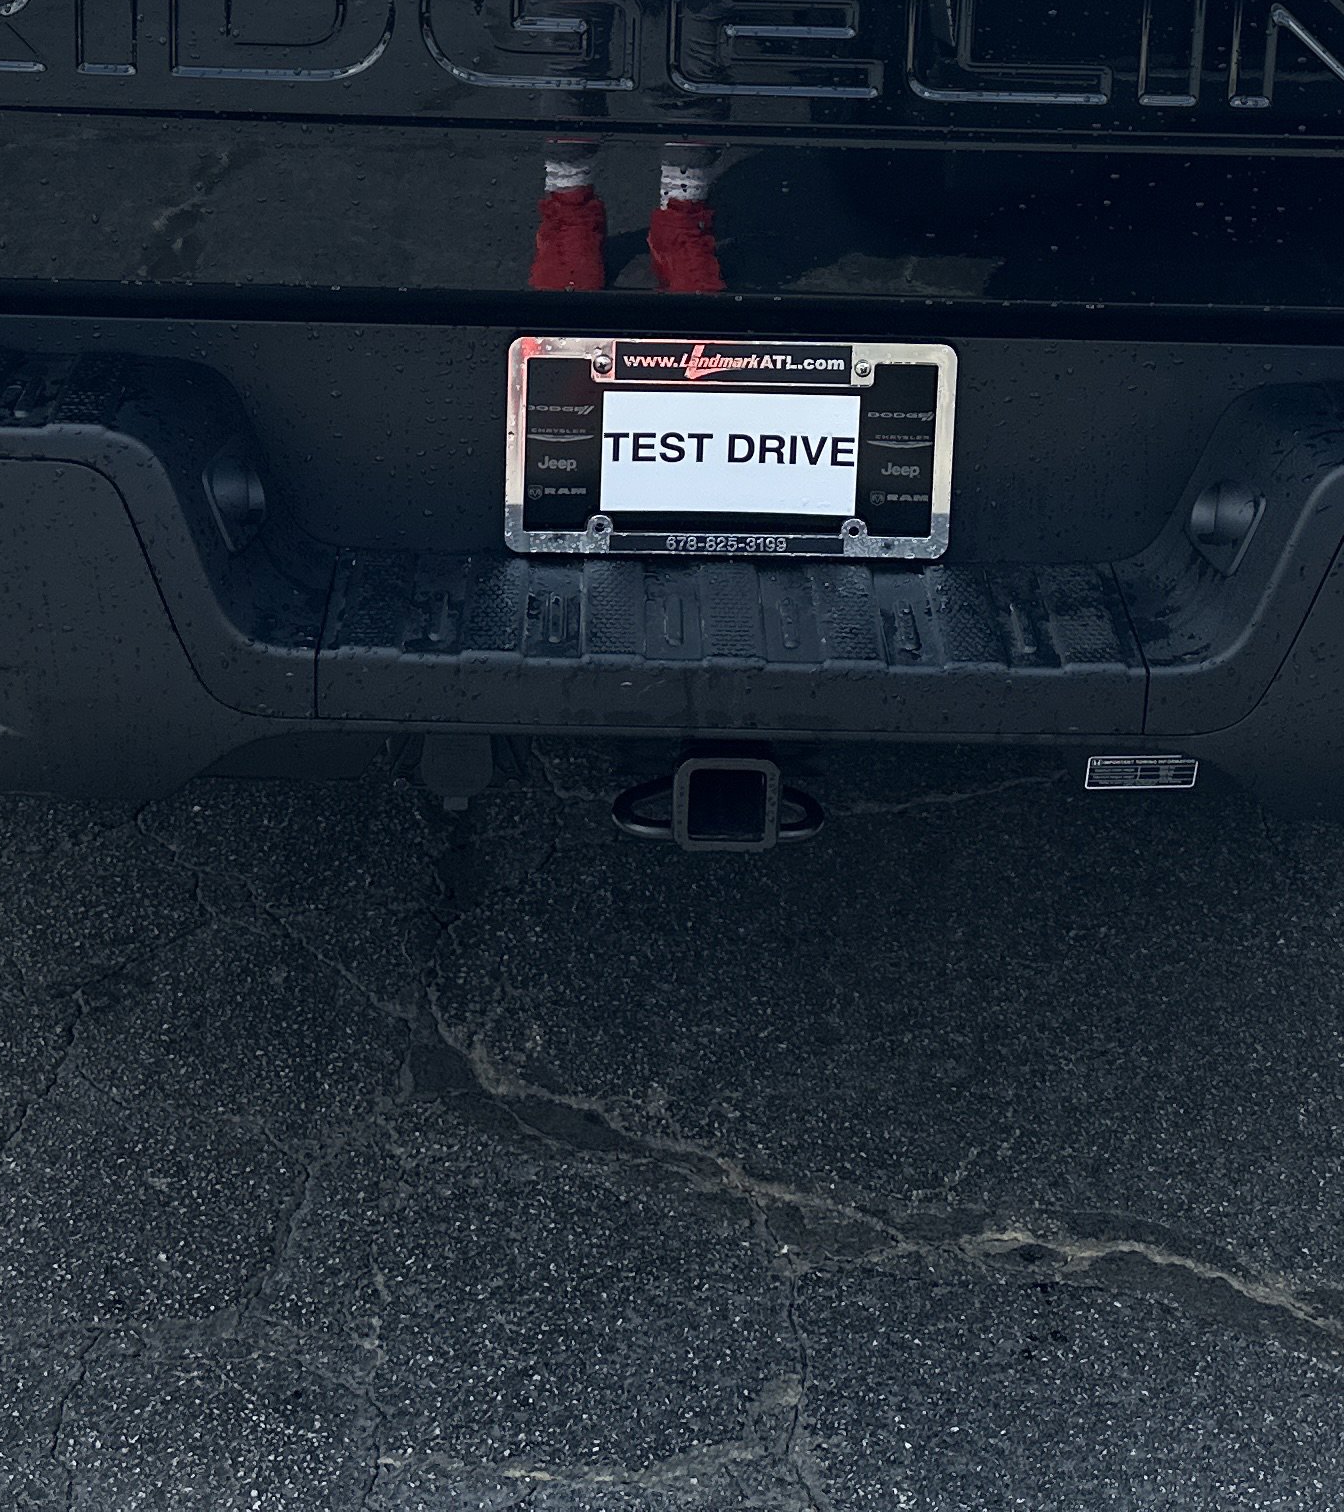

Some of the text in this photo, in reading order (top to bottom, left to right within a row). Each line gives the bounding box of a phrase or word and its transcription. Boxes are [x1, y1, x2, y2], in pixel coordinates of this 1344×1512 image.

[622, 344, 846, 380] www.LandmarkATL.com
[867, 411, 932, 420] DODGE
[603, 431, 856, 467] TEST DRIVE
[537, 455, 578, 472] Jeep
[880, 462, 921, 478] Jeep
[544, 487, 587, 495] RAM
[886, 494, 929, 502] RAM

Problem details: Output each line of the records exactly. Any picture is skipped.

Solved problem:
Some of the text in this photo, in reading order (top to bottom, left to right within a row). Each line gives the bounding box of a phrase or word and its transcription. Boxes are [x1, y1, x2, y2], in pixel coordinates of this 1344×1512 image.

[622, 344, 846, 380] www.LandmarkATL.com
[867, 411, 932, 420] DODGE
[603, 431, 856, 467] TEST DRIVE
[537, 455, 578, 472] Jeep
[880, 462, 921, 478] Jeep
[544, 487, 587, 495] RAM
[886, 494, 929, 502] RAM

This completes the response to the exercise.